La historia latinoamericana de los últimos 40 años está erosionada por las dictaduras militares que destazaron una parte de su población y la entereza de los sobrevivientes. El miedo, la violencia, el enojo y la impotencia impuso a muchos de los vivos –que veían a los suyos caer o desaparecer y a su propia fantasía del futuro desvanecerse bajo la sombra de un tirano– una moral de muerte. Muertos en vida.
El 11 de septiembre no tiene para los chilenos el mismo significado que para el resto de occidente. En 1973, un sector de la Armada Chilena incitado y apoyado por el gobierno estadounidense derribó el gobierno de Salvador Allende. El golpe de Estado abrió paso a una dictadura militar que terminaría hasta 1990, 17 años después. La tragedia iniciaba: el Chile de Augusto Pinochet se erigió sobre el cuerpo desecho de su presidente, un falso suicida. Algo más que su aliento se perdió con el disparo que le destrozó la cara.

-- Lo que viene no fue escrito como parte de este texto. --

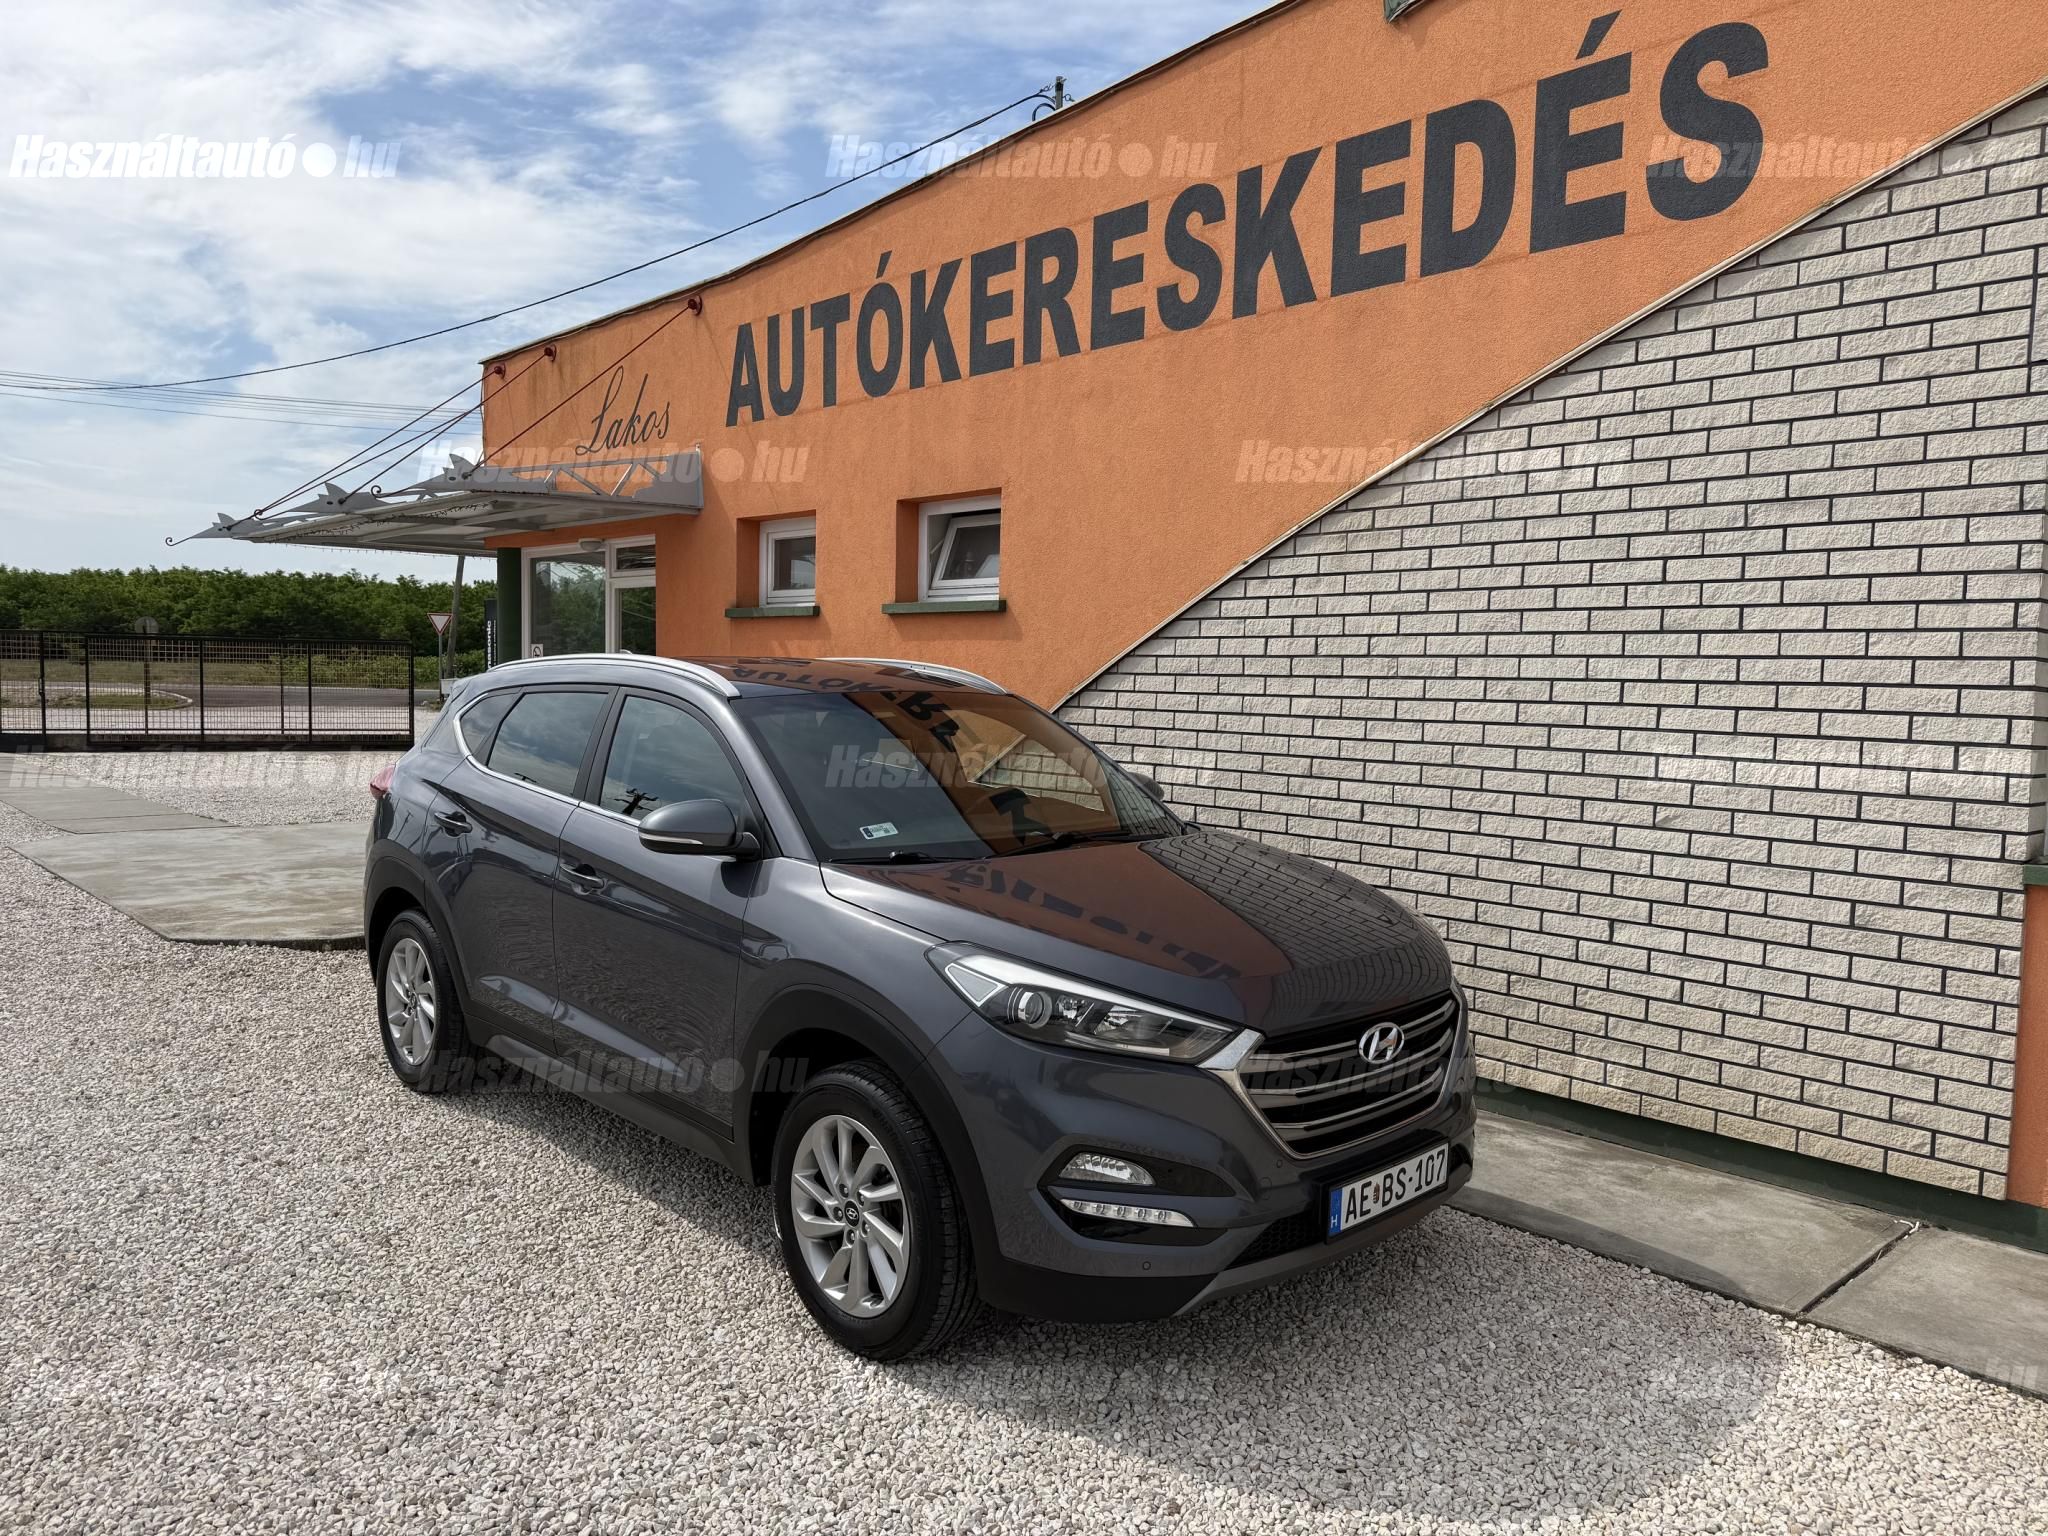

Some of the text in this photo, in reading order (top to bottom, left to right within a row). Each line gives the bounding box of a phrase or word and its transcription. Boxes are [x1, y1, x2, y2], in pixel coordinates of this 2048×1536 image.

[725, 9, 1769, 427] AUTÓKERESKEDÉS
[575, 365, 670, 456] Lakos
[1345, 1180, 1372, 1224] AE

Con una agridulce ironía posible sólo a través del arte, Pablo Larraín utiliza ese cuerpo, hediondo y abyecto, para hacer una hermosa pero cruel metáfora del Chile de ese periodo en Post Mortem (2010). Como ensayó en Tony Manero (2008) con un hombre obsesionado con el famoso personaje que John Travolta interpreta en Fiebre de sábado por la noche (1977), lo hace siguiendo con elegante delicadeza e incómoda cercanía a su personaje principal, en este caso, Víctor (Alonso), que se dedica a transcribir autopsias. Larraín demuestra la madurez de su lente, fusionando espacio y personaje, alma y forma, e historia e Historia. El universo de su película está contenido y se transpira en cada mueca de su personaje.

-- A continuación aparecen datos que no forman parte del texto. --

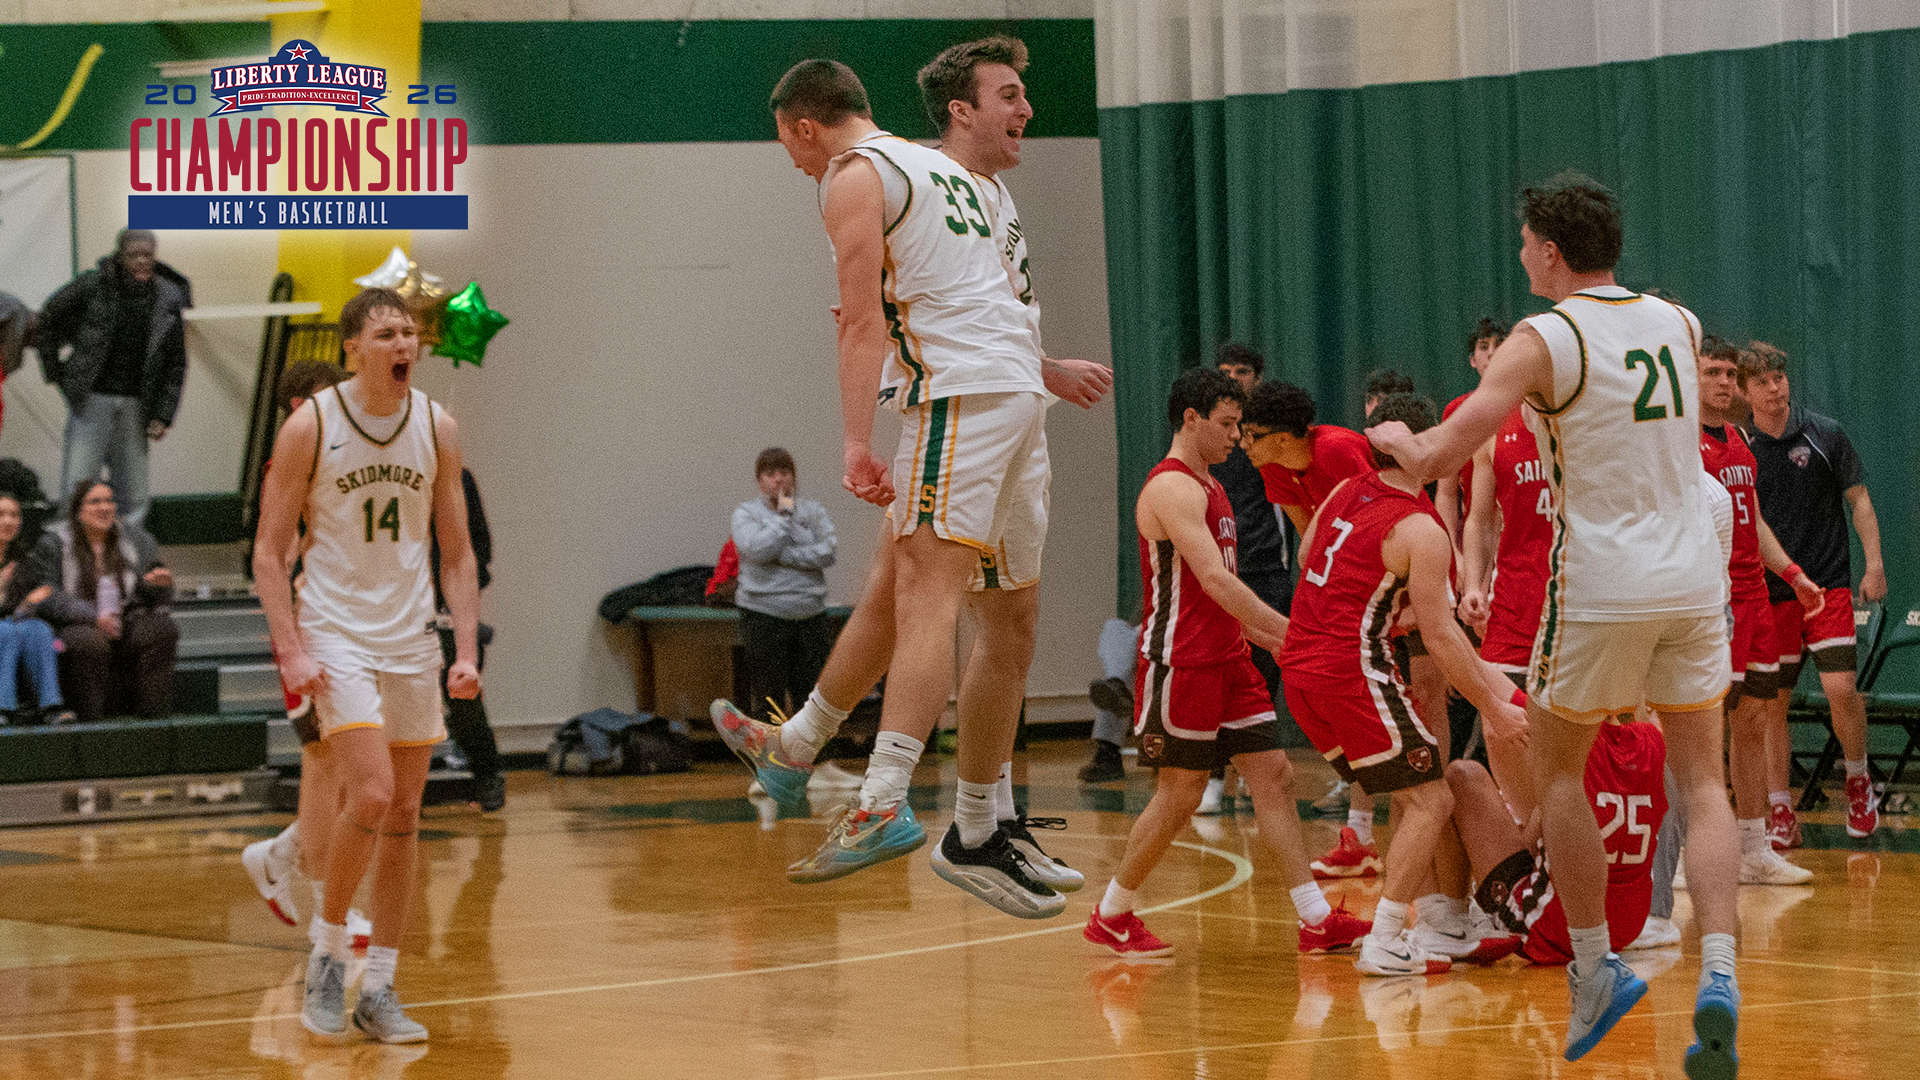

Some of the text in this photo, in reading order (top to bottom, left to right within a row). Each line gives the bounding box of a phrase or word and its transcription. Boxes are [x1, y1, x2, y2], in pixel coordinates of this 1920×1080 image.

[929, 171, 991, 238] 33
[1624, 345, 1685, 423] 21
[335, 464, 424, 494] SKIDMORE
[1719, 465, 1754, 488] SAINTS
[920, 484, 936, 513] S
[1535, 487, 1554, 522] 4
[1735, 491, 1750, 525] 5
[363, 497, 400, 542] 14
[1305, 517, 1354, 587] 3
[1596, 791, 1653, 865] 25

Víctor vive solo y casi exclusivamente para su trabajo. Un pequeño vecino suyo lo ayuda a pasar las autopsias a máquina. Durante las tardes la voz del niño leyendo los dictados que Víctor toma en la morgue transporta a la mesa de la pequeña casa los cuerpos escrutados sobre la plancha. Es escalofriante y es su actividad más social. Hasta que se enamora de Sandra (Noguera), una bailarina de burlesque, también su vecina, por la que está dispuesto a hacer cualquier cosa. Su forma de cortejarla es tierna y patética, pero funciona. Poco a poco el romance que vive de manera modesta es penetrado por la fuerza de los sucesos políticos y sociales que se desarrollan en las calles. Por ejemplo, mientras atraviesan una manifestación de extrema izquierda en auto, un amigo reconoce a Sandra por la ventanilla, abre la puerta y la integra a la fuerza a la multitud. La revuelta estalla en la ciudad y en su corazón, pero no por la pasión. Lo que alimenta el estallido es es el enojo causado por el sometimiento de la libertad por el automatismo.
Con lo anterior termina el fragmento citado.